• [Problem statement] Character for character, transcribe the entries below, minus the images.

• [Information supplied]
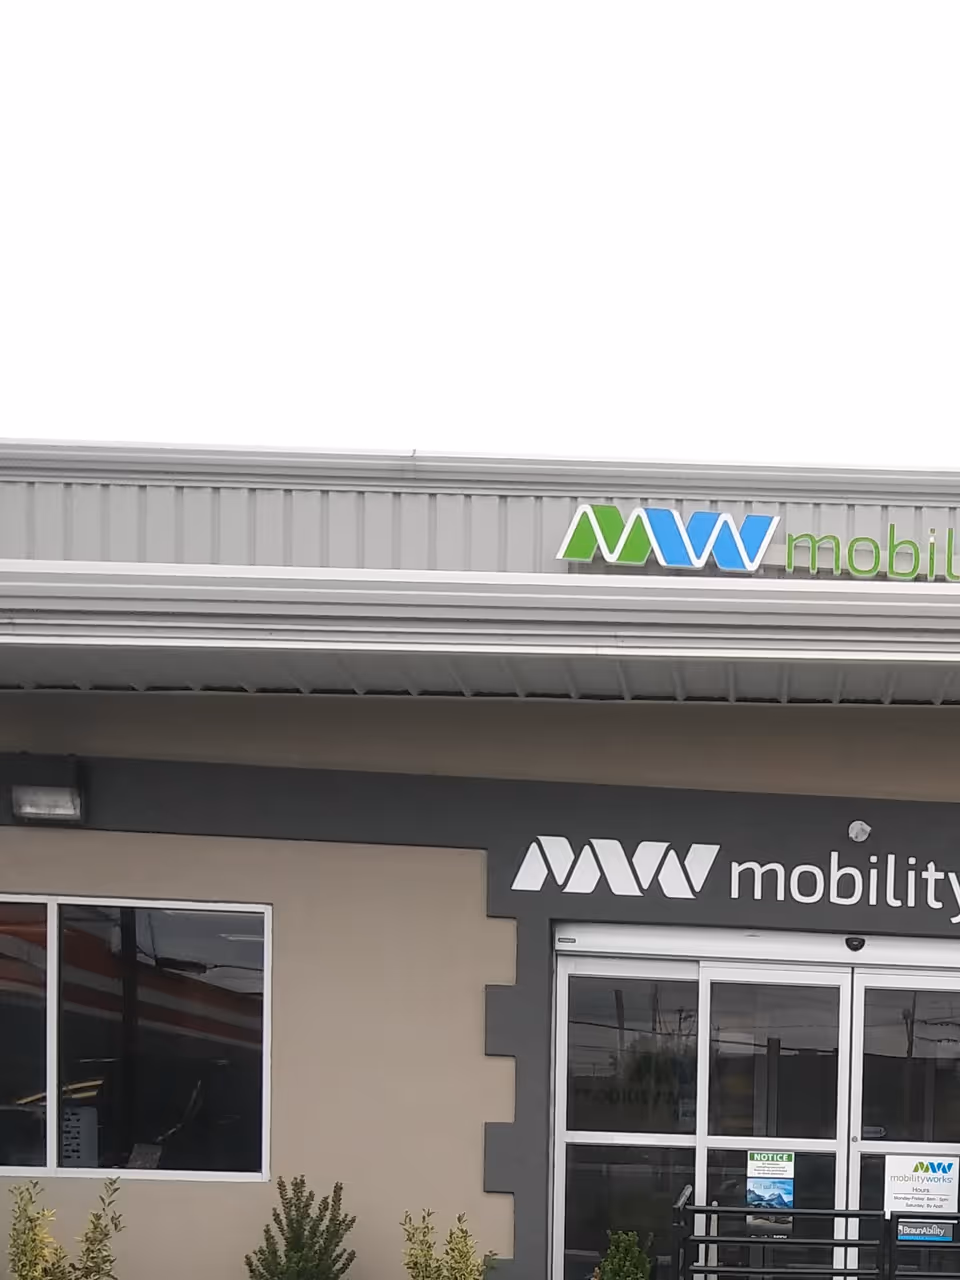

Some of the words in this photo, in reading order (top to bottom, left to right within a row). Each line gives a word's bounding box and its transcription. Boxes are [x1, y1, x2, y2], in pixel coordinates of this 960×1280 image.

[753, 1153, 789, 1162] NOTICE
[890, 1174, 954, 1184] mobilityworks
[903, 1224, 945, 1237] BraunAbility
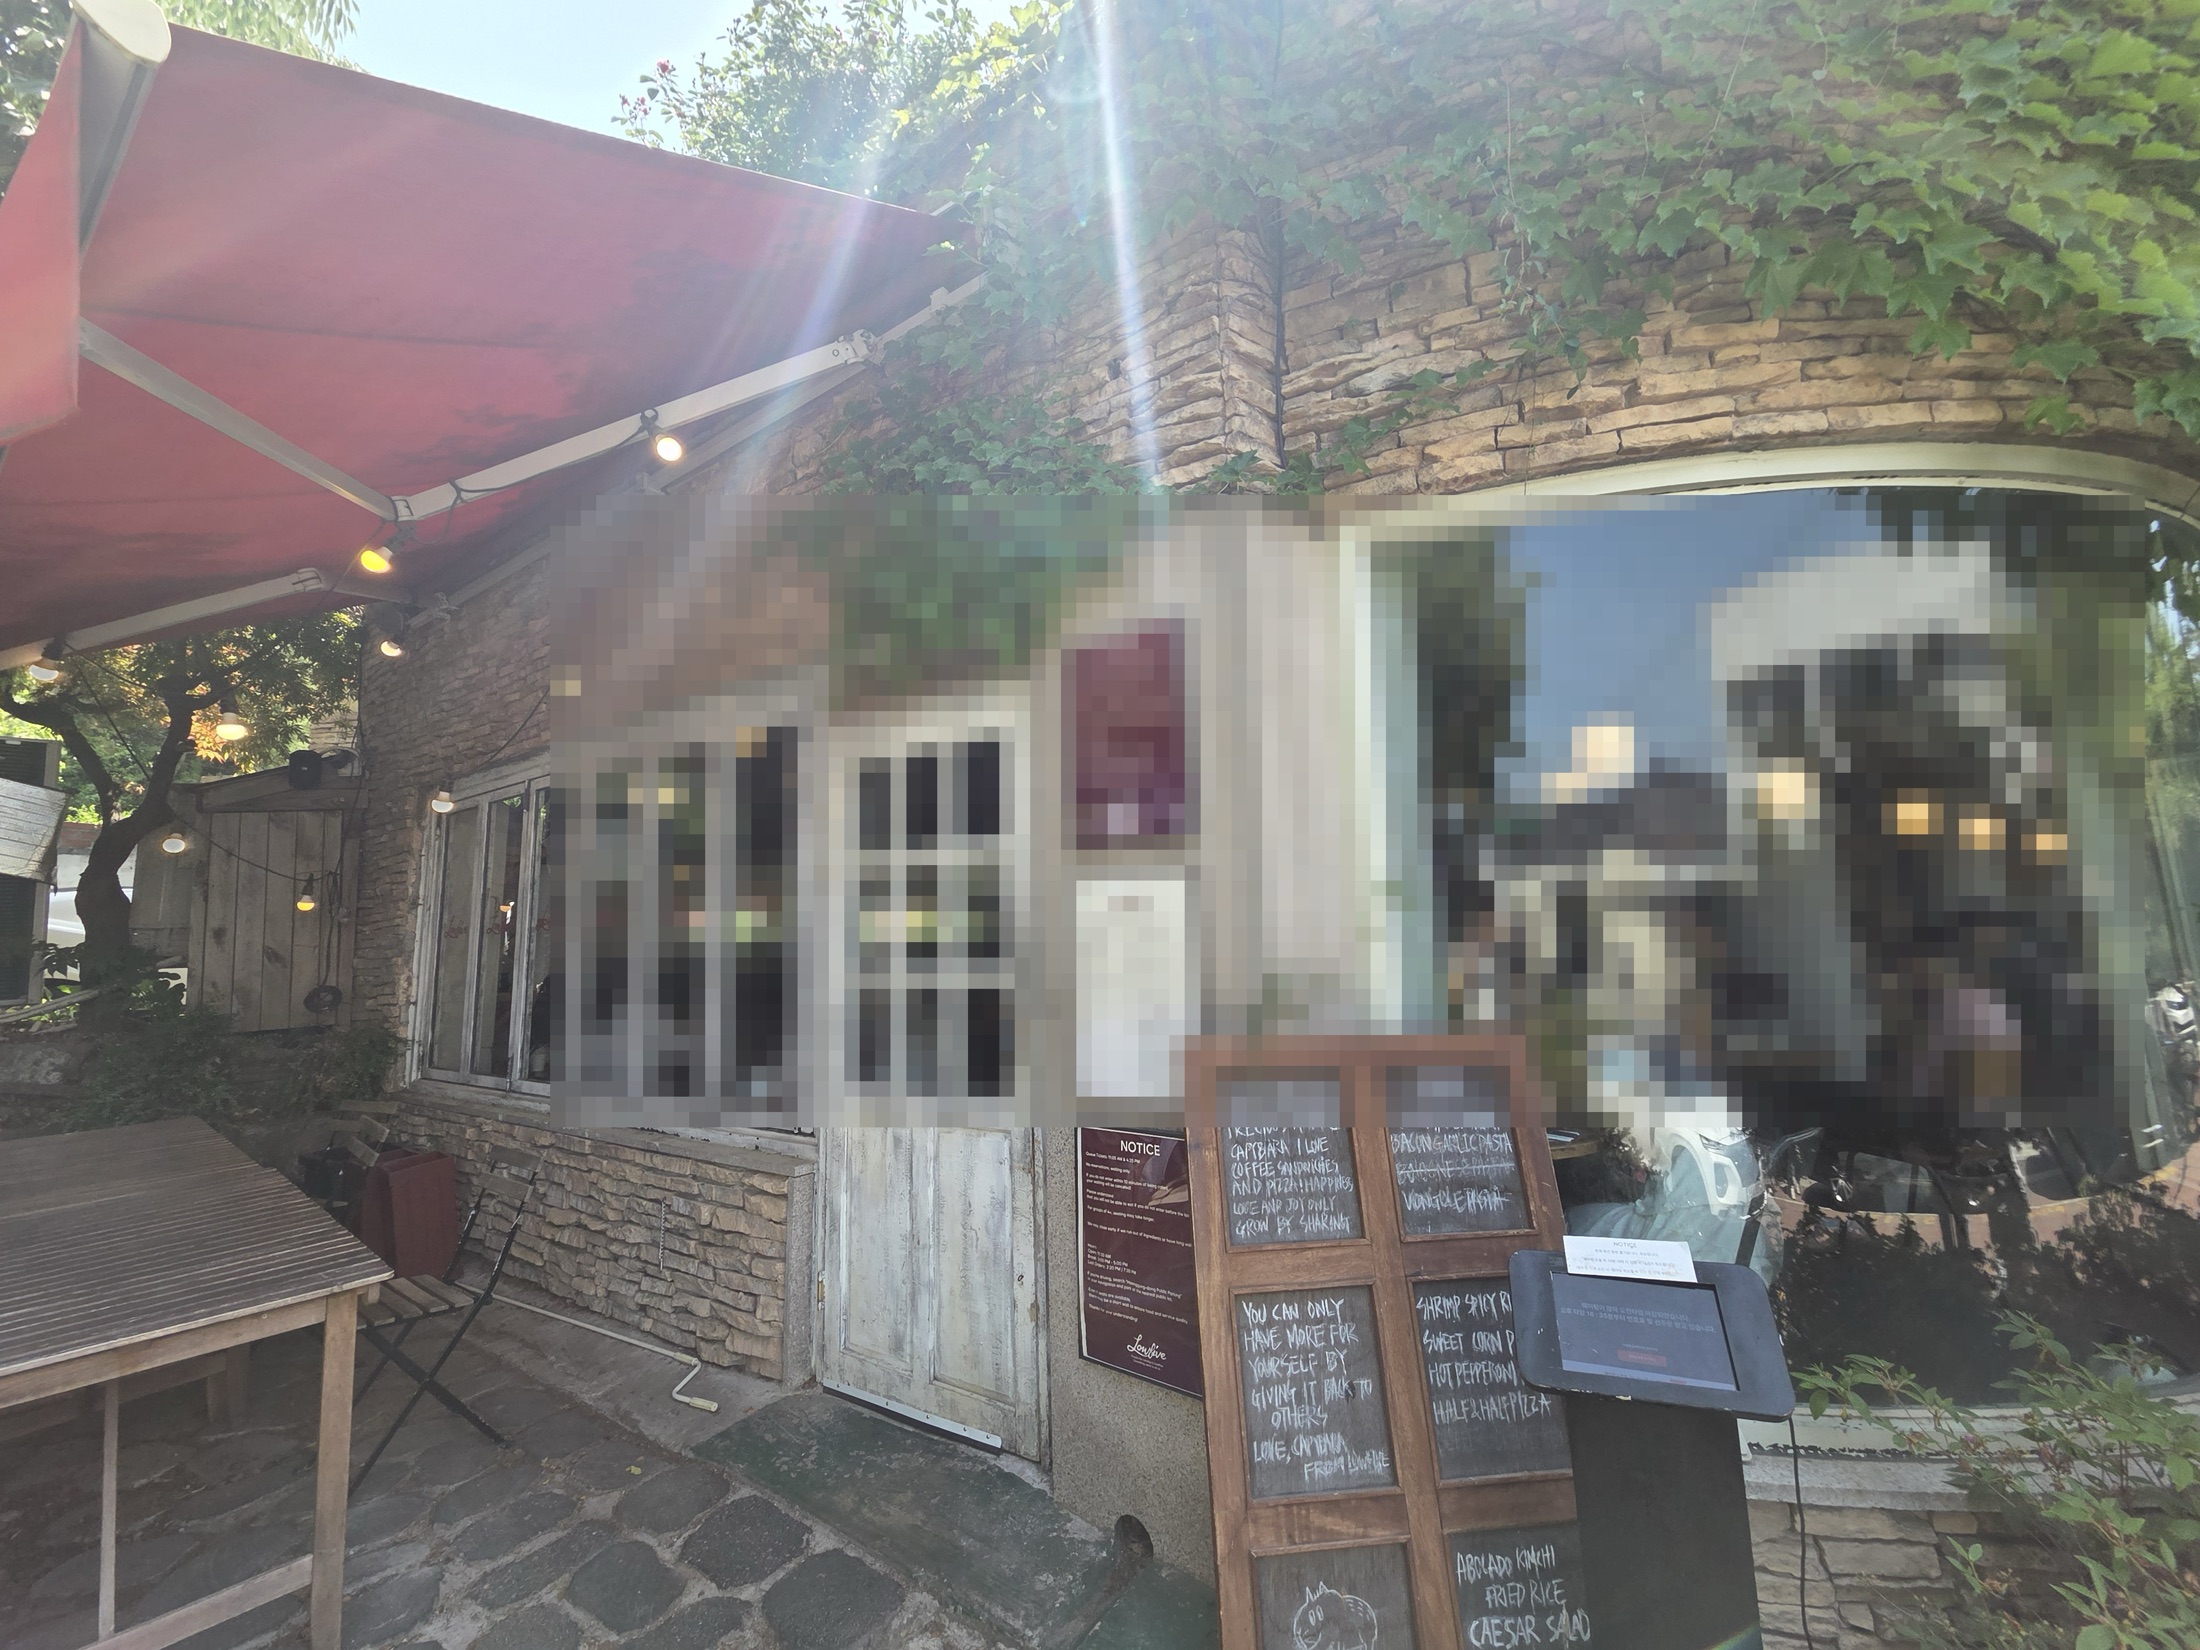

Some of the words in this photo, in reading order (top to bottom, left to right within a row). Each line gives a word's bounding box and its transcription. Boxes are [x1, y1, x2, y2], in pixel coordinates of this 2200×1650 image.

• [Answer]
Some of the words in this photo, in reading order (top to bottom, left to right within a row). Each line gives a word's bounding box and its transcription. Boxes are [x1, y1, x2, y2], in pixel coordinates of this 960×1280 image.

[753, 1153, 789, 1162] NOTICE
[890, 1174, 954, 1184] mobilityworks
[903, 1224, 945, 1237] BraunAbility

Some of the words in this photo, in reading order (top to bottom, left to right within a row). Each line gives a word's bounding box and its transcription. Boxes are [x1, y1, x2, y2], in pixel coordinates of this 2200×1650 image.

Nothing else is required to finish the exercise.